The facts were quite
different. The I-15, although fully equivalent to the Curtiss Hawk (and
to the Gloster Gauntlet, Hawker Fury, Avia 534, to name but a few)
resembled the American plane only superficially. Like the Curtiss Hawk,
it was a biplane with a fixed landing gear and a radial engine. The
SB-2's performance exceeded that of the Martin B-10 by a considerable
margin and it was built in far greater numbers. Some 6,656 had been
completed by 1941, whereas production of the Martin bombers did not
exceed 336 units. And the I-16, far from being a copy of the Boeing
P-26 , was instead the vanguard of an aviation revolution.
I-16 Type 1/I-16M-22
About 30 were built and
used for evaluation purposes. They had the Shvetsov M-32 engine, two
wing mounted 7.62 mm (0.303 in) ShKAS machine guns. This version as
also referred to as the I-16M-22.
I-16 Type 4
First main series
production aircraft with an imported Wright Cyclone engine. Landing
gear main wheels had fairing doors and the pilot had a 8 mm (0.315 in)
armoured back plate added.
I-16 Type 5
Entered production in
July 1935 with a 700 hp (522 kw) M-25 radial engine which was developed
from the Wright Cyclone and a AV-1 propeller. First model to have
underwing bomb racks installed. Over 1,500 aircraft were built. One
example was converted and redesignated I-16P with an armament of two 20
mm ShVAK cannon in the wings and two 7.62 mm (0.303 in) ShKAS machine
guns in the fuselage. This single aircraft used the original Cyclone
engine.
I-16 Type 6
Built in 1936 using the
730 hp (544 kw) M-25A radial engine and a strengthened airframe.
I-16 Type 10
Major production
version starting in 1937 armed with four 7.62 mm (0.303 in) ShKAS
machine guns, the second pair being synchronised and mounted over the
engine cowling. Could be fitted with retractable skis for winter
operations. Was equipped with the 750 hp (559 kw) M-25V radial engine.
I-16 Type 17
1938 production version
with structurial strengthening for operation at a higher gross weight.
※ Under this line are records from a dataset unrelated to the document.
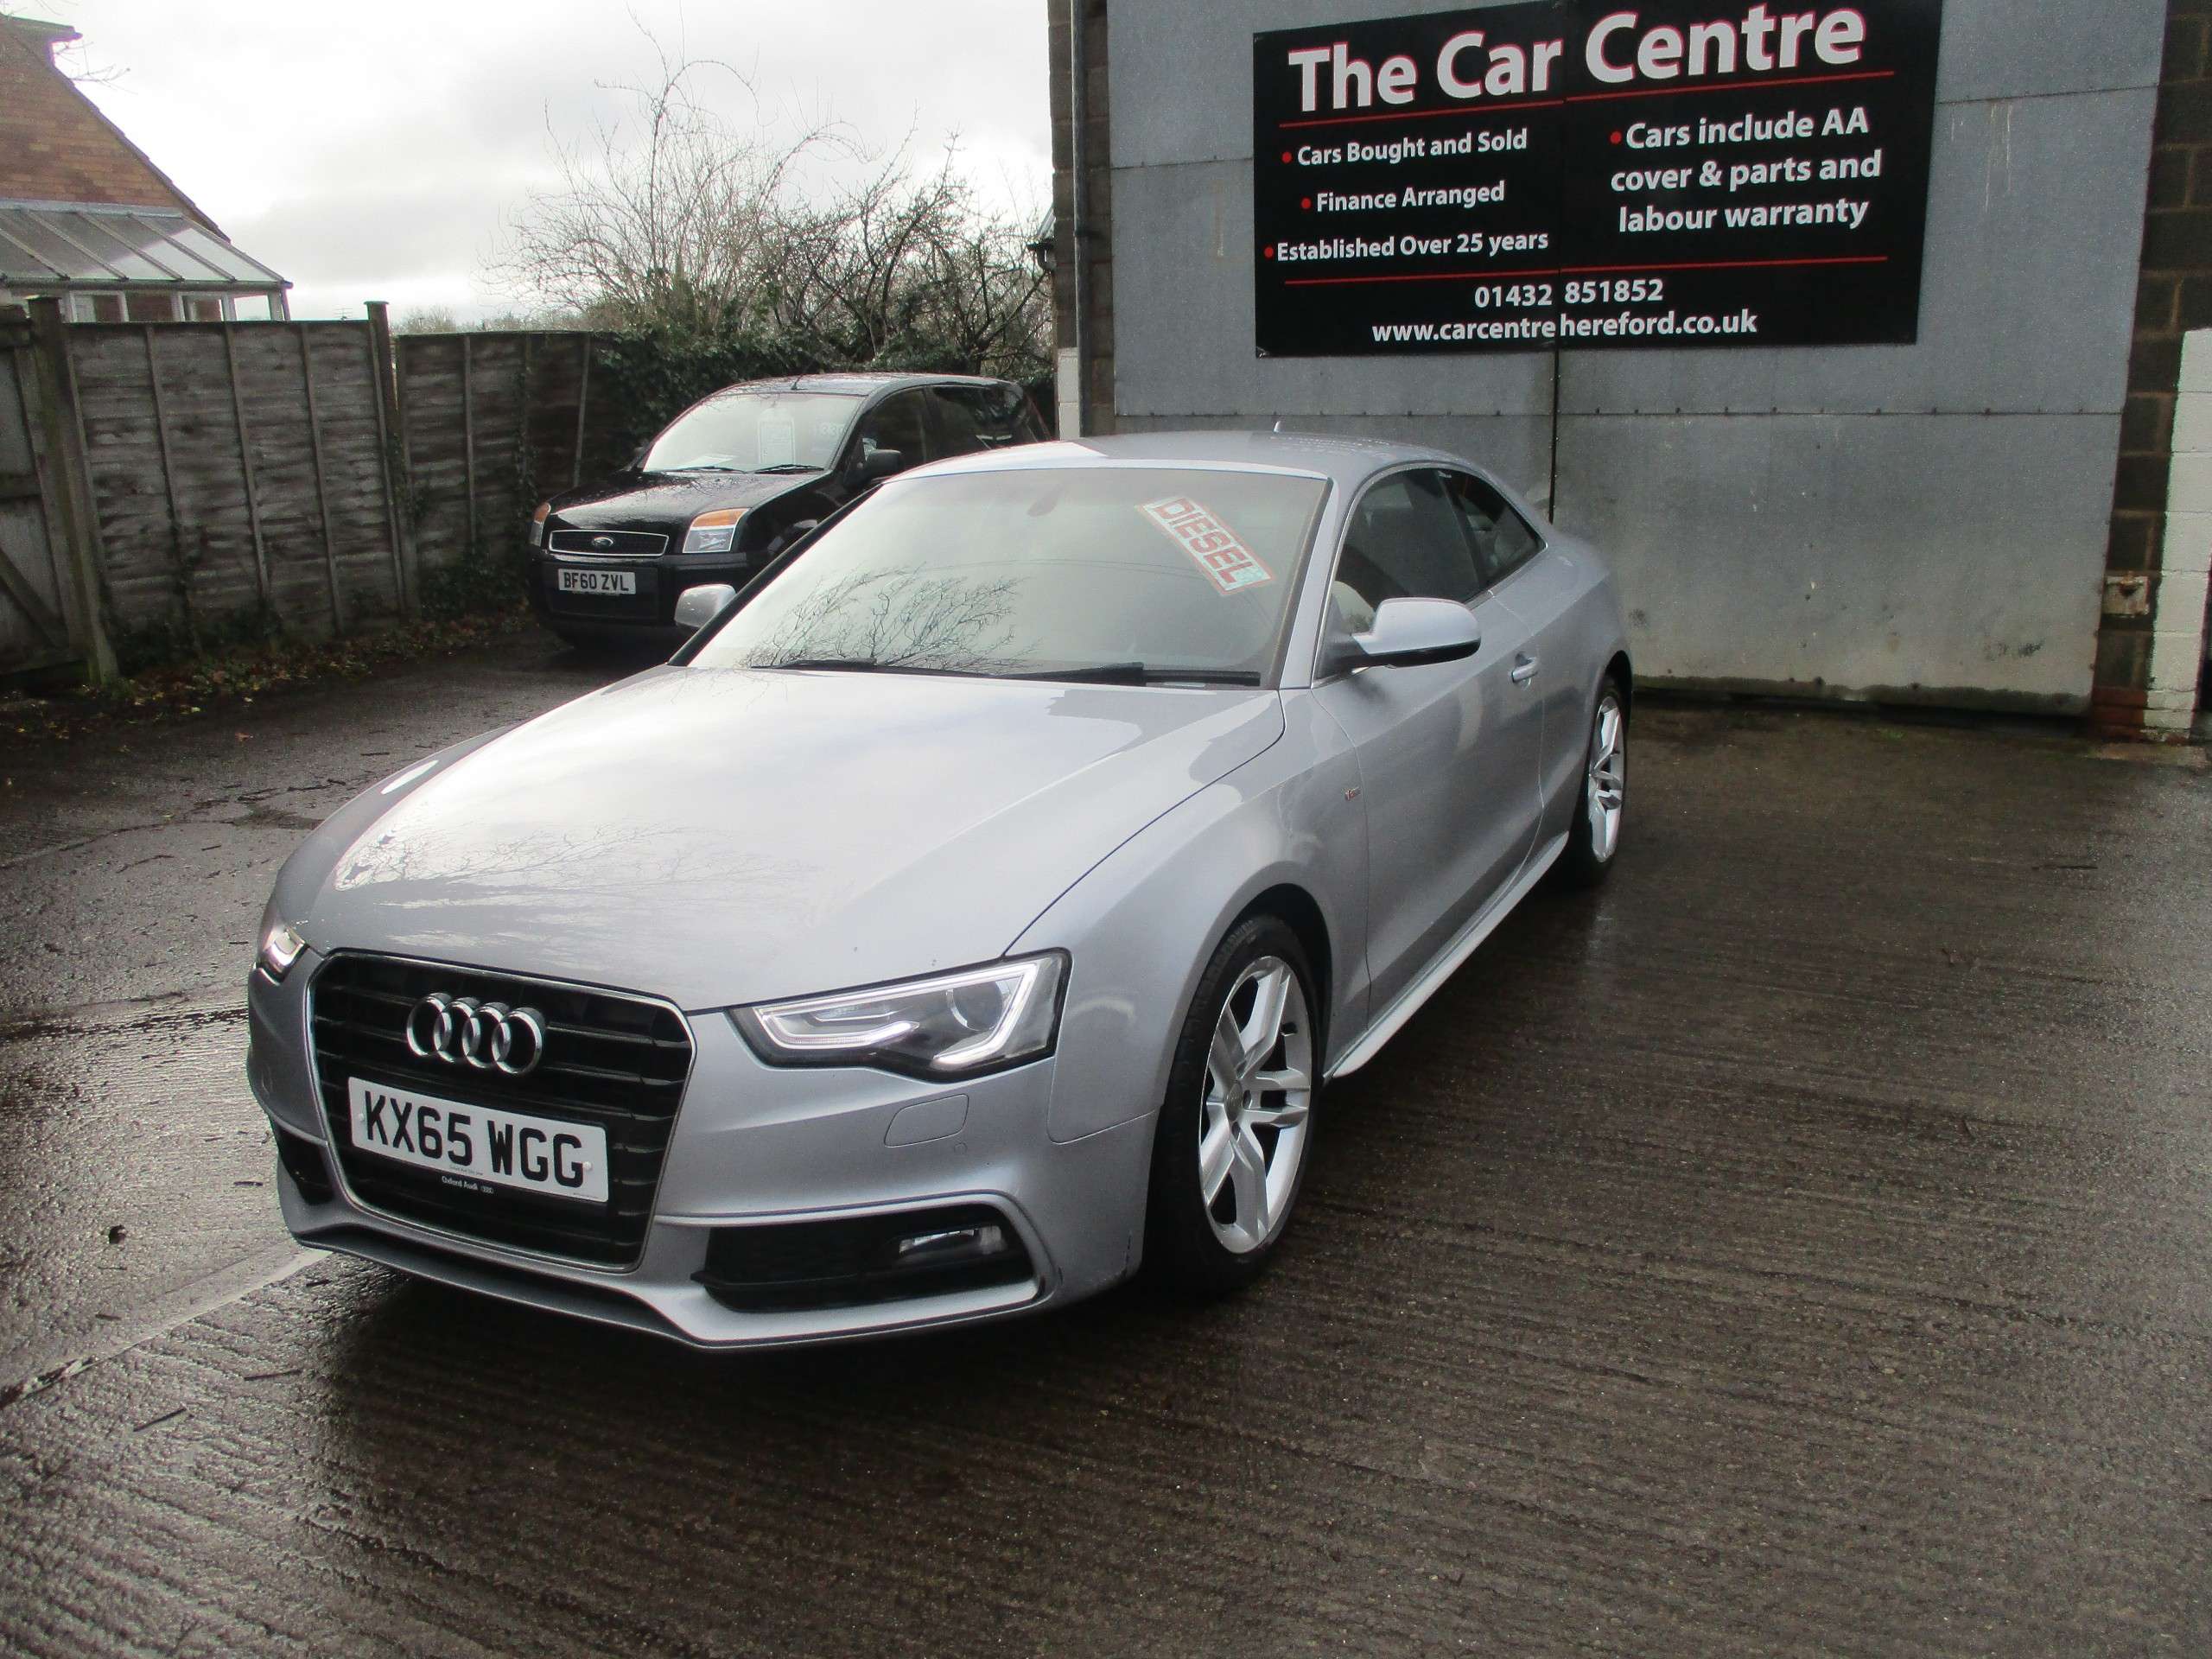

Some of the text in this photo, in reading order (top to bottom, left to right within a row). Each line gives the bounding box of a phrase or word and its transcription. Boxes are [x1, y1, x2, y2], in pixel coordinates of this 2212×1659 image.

[1287, 2, 1866, 112] The Car Centre
[1625, 106, 1869, 149] Cars include AA
[1298, 128, 1528, 166] Cars Bought and Sold
[1611, 149, 1882, 192] cover & parts and
[1317, 180, 1505, 212] Finance Arranged
[1618, 197, 1869, 232] labour warranty
[1277, 232, 1549, 261] Established Over 25 years
[1474, 278, 1664, 308] 01432 851852
[1372, 308, 1758, 341] www.carcentrehereford.co.uk
[1154, 497, 1254, 584] DIESEL
[563, 571, 629, 591] BF60 ZVL
[365, 1090, 584, 1188] KX65 WGG
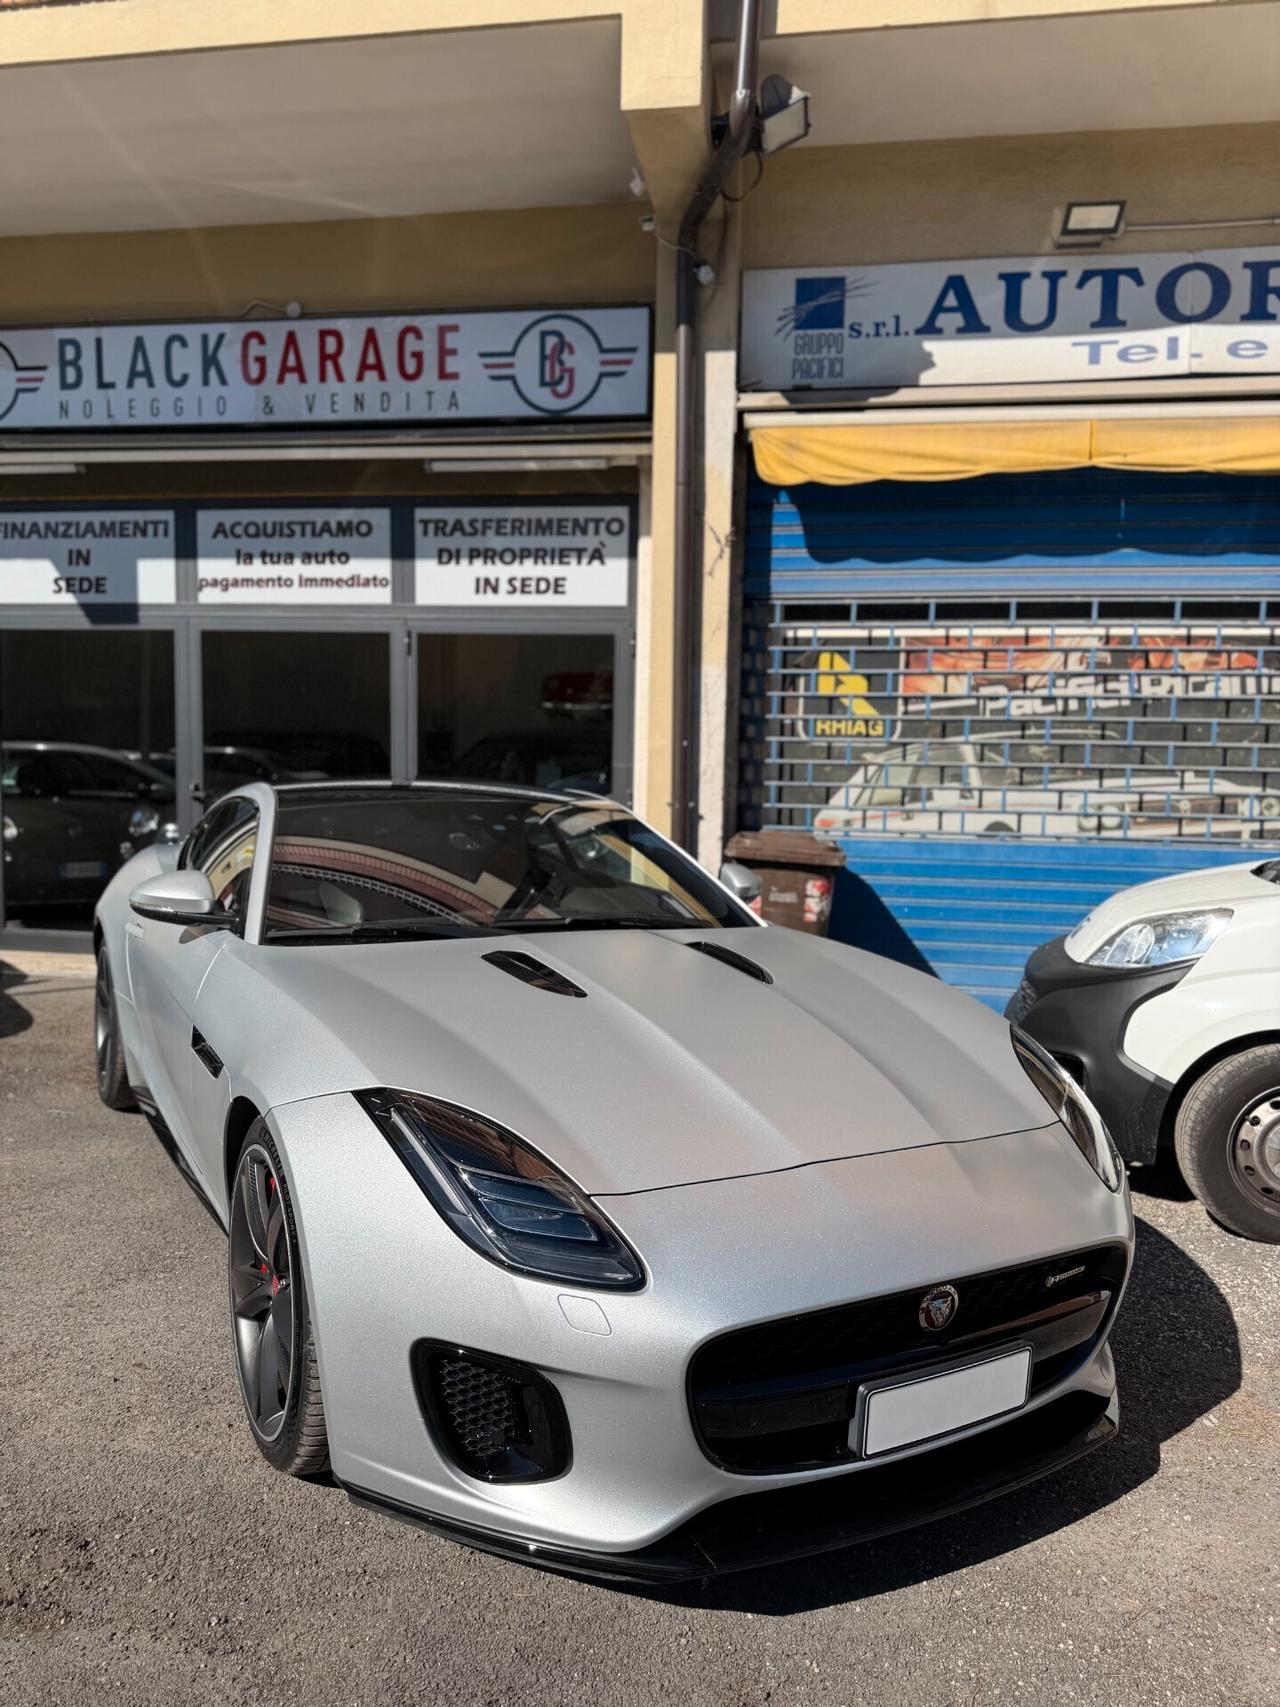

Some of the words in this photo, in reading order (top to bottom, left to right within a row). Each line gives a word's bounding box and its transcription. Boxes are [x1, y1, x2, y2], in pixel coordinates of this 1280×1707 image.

[848, 315, 909, 338] s.r.l.
[794, 332, 844, 356] GRUPPO
[1071, 336, 1203, 366] Tel.
[1226, 340, 1269, 359] e
[792, 357, 844, 380] PACIFICI
[59, 395, 227, 419] NOLEGGIO
[262, 395, 275, 416] &
[304, 390, 461, 414] VENDITA
[0, 520, 169, 540] INANZIAMENTI
[211, 520, 373, 539] ACQUISTIAMO
[419, 517, 625, 537] TRASFERIMENTO
[67, 548, 91, 567] IN
[236, 548, 253, 565] la
[260, 548, 294, 565] tua
[301, 549, 350, 565] auto
[437, 548, 460, 565] DI
[468, 541, 607, 566] PROPRIETÀ
[53, 577, 107, 594] SEDE
[198, 576, 293, 592] pagamento
[299, 574, 390, 588] immediato
[475, 577, 500, 595] IN
[507, 577, 567, 595] SEDE
[816, 719, 884, 737] RHIAG
The tailskid was replaced by a rubber tailwheel and had six RS-82
rockets as an alternative to bombs and two 20 mm ShVAK cannon in place
of the wing machine guns.
I-16 Type 18
Introduced on
production lines in 1939 with a 920 hp (686 kw) M-62 radial engine with
a two stage supercharger. Provision for a pair of auxiliary fuel drop
tanks. Armed with four 7.62 mm (0.303 in) ShKAS machine guns.
I-16 Type 24
Entered service in 1939
with the M-62 radial engine, but later versions had a 1,100 hp (820 kw)
M-63 radial engine. The wings were strengthened and larger capacity
drop tanks could be used. Most aircraft were equipped with either the
RSI-1 or RSI-3 radio and oxygen equipment.
I-16 Type 28/30
Reinstated in
production 1941-1942. A total of 450 aircraft of each model were built
powered by a M-63 radial engine.
I-16P/TsKB-12P
Second use of
designation for prototype TsKB-12P in 1938. Had two wing mounted 20 mm
ShVAK cannon in a Type 10 airframe. A small number of this type was
built before being superceded by Type 17.
I-16Sh/TsKB-18
Prototype with
additional armour for a ground attack role armed with four 7.62 mm
(0.303 in) ShKAS machine guns. Only small numbers were built.
I-16SPB
I-16s had taken part in
V. S. Vakhmistrov's 'Zveno' parasite experiments since Zveno 6, a TB-3
bomber with two I-16 Type 1 fighters under its wings for air launching.
Zveno 7 in 1935 comprised a TB-3 with two I-5 biplanes on its wings, A
Grigorovich I-Z monoplane on a trapeze between the landing gear legs
plus two I-16s under its wings. Vakhmistrov then reverted to Zveno 6
SBP, a TB-3 carrying two modified Type 5 fighters each with two 551 lbs
(250 kg) bombs and redesignated as TsKB-29/I-16SPB dive bombers. These
parasite fighter dive bombers were flown by the Black Sea Naval Air
Force from 1938 with one unit operating in the Ukraine near Odessa
against targets in Romania and the Chernovodsky bridge over the Danube
in 1941 and against other pinpoint targets into 1942.
I-16TK
A Type 10 with two
TsIAM TK-1 turbochargers. Altitude performance was greatly enhanced but
only a few examples were built.
I-16UTI/UTI-4
At peak production one
in every four aircraft were converted to the UTI-4 two seat tandem open
cockpit trainer based on the Type 5 with the M-25 engine. Most were of
fixed gear but some with standard retractable main units did exsist.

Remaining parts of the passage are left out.